→ **Task prompt**
Your output must be the line containing "this 1280×960 image." followed by every later line in the entries below, all copied exactly.

→ **Data extract**
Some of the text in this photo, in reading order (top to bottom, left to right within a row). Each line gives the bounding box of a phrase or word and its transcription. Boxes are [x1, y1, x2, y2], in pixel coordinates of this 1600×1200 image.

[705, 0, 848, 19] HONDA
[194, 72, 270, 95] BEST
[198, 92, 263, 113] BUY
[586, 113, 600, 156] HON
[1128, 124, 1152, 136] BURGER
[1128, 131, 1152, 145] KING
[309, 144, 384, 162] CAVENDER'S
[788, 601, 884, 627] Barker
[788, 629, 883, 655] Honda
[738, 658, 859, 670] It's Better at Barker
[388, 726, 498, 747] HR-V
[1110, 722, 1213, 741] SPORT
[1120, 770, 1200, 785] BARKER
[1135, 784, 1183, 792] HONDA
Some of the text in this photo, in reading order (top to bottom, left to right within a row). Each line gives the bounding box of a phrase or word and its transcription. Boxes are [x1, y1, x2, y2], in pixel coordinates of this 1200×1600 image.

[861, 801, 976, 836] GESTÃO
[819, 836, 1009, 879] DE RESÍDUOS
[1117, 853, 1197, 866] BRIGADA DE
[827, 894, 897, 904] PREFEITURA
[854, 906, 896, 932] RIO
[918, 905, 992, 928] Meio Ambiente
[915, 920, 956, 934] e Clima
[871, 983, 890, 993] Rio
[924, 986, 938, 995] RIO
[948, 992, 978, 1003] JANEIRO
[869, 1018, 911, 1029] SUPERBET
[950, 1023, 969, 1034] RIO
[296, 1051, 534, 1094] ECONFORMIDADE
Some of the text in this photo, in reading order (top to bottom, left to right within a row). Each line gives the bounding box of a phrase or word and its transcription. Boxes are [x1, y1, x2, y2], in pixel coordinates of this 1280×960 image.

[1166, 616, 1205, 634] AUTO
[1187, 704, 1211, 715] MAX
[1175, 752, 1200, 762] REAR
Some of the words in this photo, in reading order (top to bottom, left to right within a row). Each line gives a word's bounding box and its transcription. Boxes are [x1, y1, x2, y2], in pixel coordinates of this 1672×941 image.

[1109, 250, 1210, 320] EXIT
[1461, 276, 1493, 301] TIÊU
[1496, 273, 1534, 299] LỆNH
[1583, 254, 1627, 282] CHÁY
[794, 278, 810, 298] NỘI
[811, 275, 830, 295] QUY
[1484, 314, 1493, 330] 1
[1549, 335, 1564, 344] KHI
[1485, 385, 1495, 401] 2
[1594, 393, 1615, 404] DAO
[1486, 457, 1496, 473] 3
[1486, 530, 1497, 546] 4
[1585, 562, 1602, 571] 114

→ **Result for this exercise**
Some of the text in this photo, in reading order (top to bottom, left to right within a row). Each line gives the bounding box of a phrase or word and its transcription. Boxes are [x1, y1, x2, y2], in pixel coordinates of this 1280×960 image.

[1166, 616, 1205, 634] AUTO
[1187, 704, 1211, 715] MAX
[1175, 752, 1200, 762] REAR
Some of the words in this photo, in reading order (top to bottom, left to right within a row). Each line gives a word's bounding box and its transcription. Boxes are [x1, y1, x2, y2], in pixel coordinates of this 1672×941 image.

[1109, 250, 1210, 320] EXIT
[1461, 276, 1493, 301] TIÊU
[1496, 273, 1534, 299] LỆNH
[1583, 254, 1627, 282] CHÁY
[794, 278, 810, 298] NỘI
[811, 275, 830, 295] QUY
[1484, 314, 1493, 330] 1
[1549, 335, 1564, 344] KHI
[1485, 385, 1495, 401] 2
[1594, 393, 1615, 404] DAO
[1486, 457, 1496, 473] 3
[1486, 530, 1497, 546] 4
[1585, 562, 1602, 571] 114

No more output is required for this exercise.